They are all around us, raising trouble in their wake. They are so small, though, and silent that most of us have no idea they exist. But not Judy Wall. As a Curators Professor of Biochemistry who has been at the University of Missouri since 1978, Wall has spent her career driven by the fascination of microbes that corrode ferrous iron metal — among their list of crimes.
Wall started her career studying hydrogen production for a number of years before switching her focus to these microbes that can only live in the absence of air. “I then realized that these microbes also have a huge deleterious impact on human activities that we don’t even think about, we just pay for it,” Wall says. “We’re so used to it. We don’t pay any attention to it.”
One of those forms of payment came in the mid ’80s when every gas station in the U.S. had to switch from bare steel storage tanks to plastic or fiberglass tanks to prevent gas leakage from corrosion caused by the metabolic processes of sulfate-reducing bacteria, which has been the focus of her research for many years.
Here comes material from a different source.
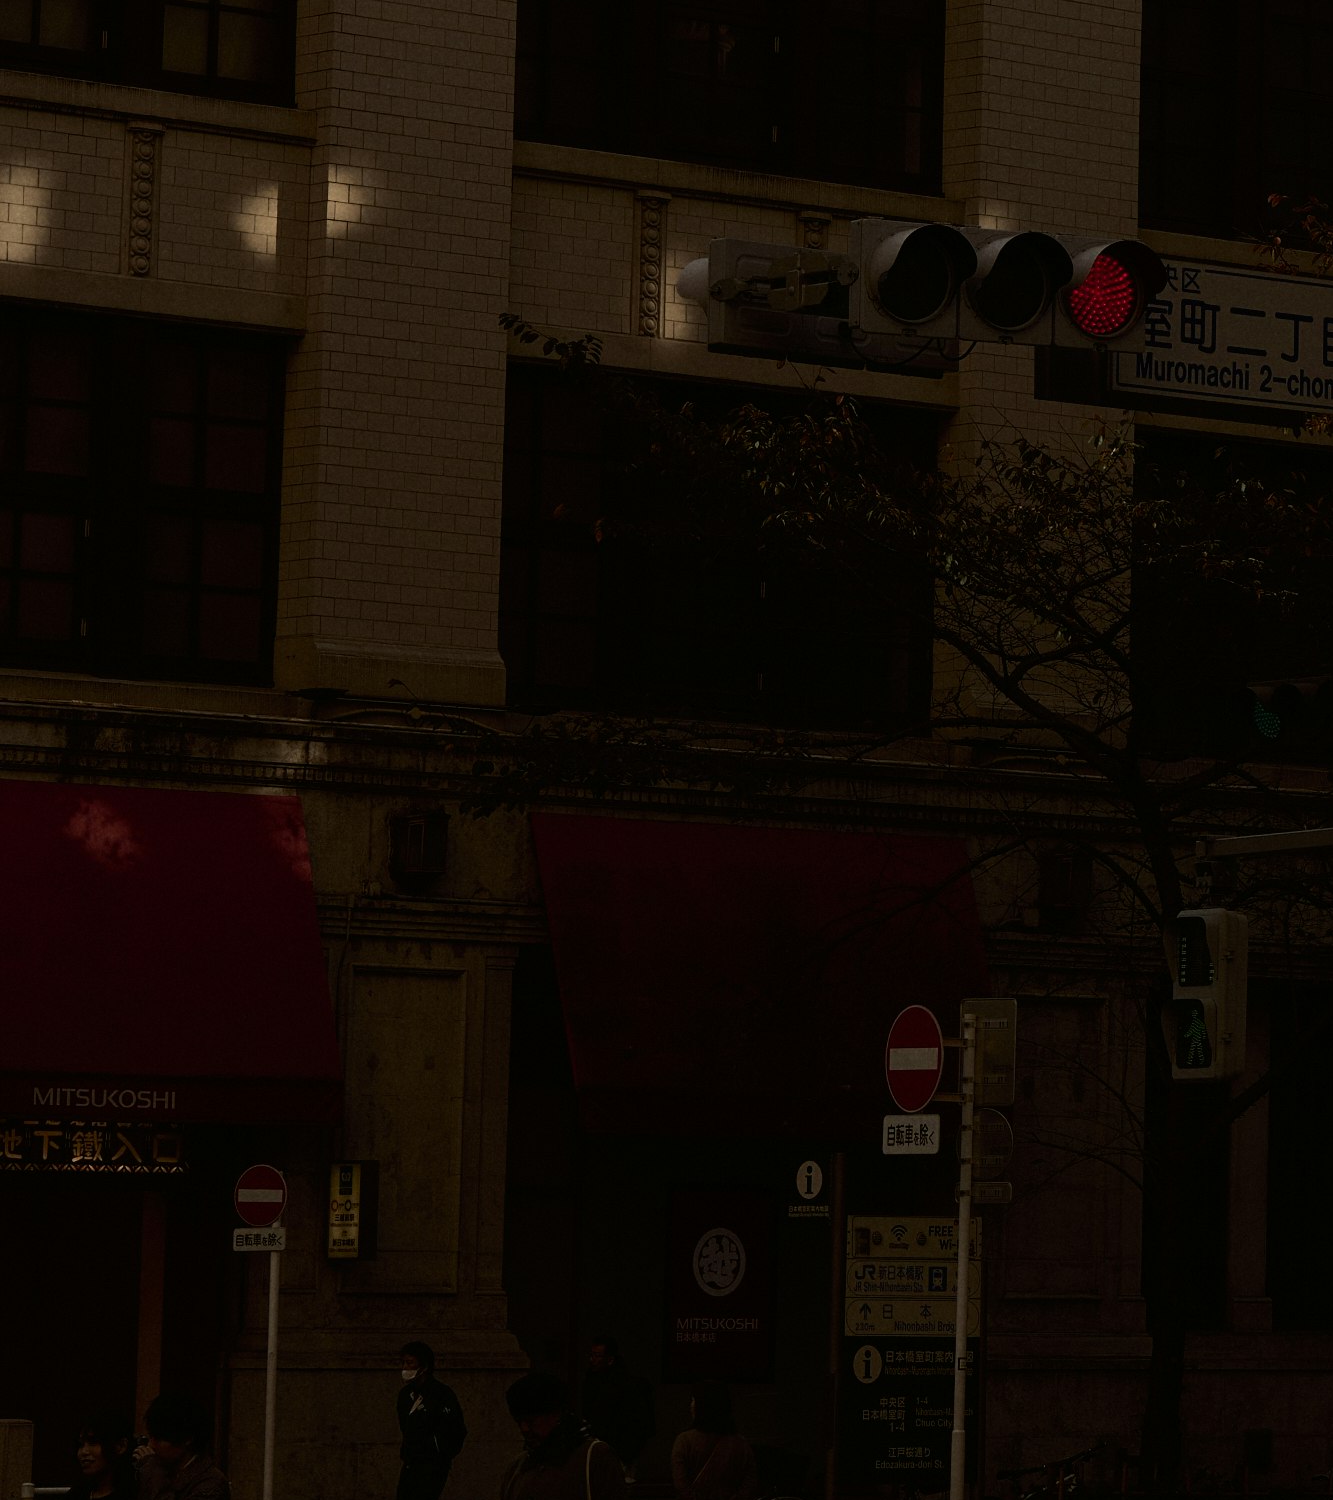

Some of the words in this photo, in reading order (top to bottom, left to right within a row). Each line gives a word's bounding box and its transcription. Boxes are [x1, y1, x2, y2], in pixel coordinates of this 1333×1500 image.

It turned out that this type of bacteria — that she affectionately calls her “bugs” — lives in water and plays an important role in the methylation of mercury in the environment, a process that produces a deadly neurotoxin.
After mercury is emitted into the atmosphere through burning coal and volcanic eruptions, it is oxidized and then comes back down to the earth’s surface as ions in rainwater. The mercury then becomes methylmercury in the sediment of waterways, such as rivers and lakes, where it is taken up by aquatic organisms such as phytoplankton, which are then eaten by fish. As the food chain progresses, methylmercury accumulates along the way.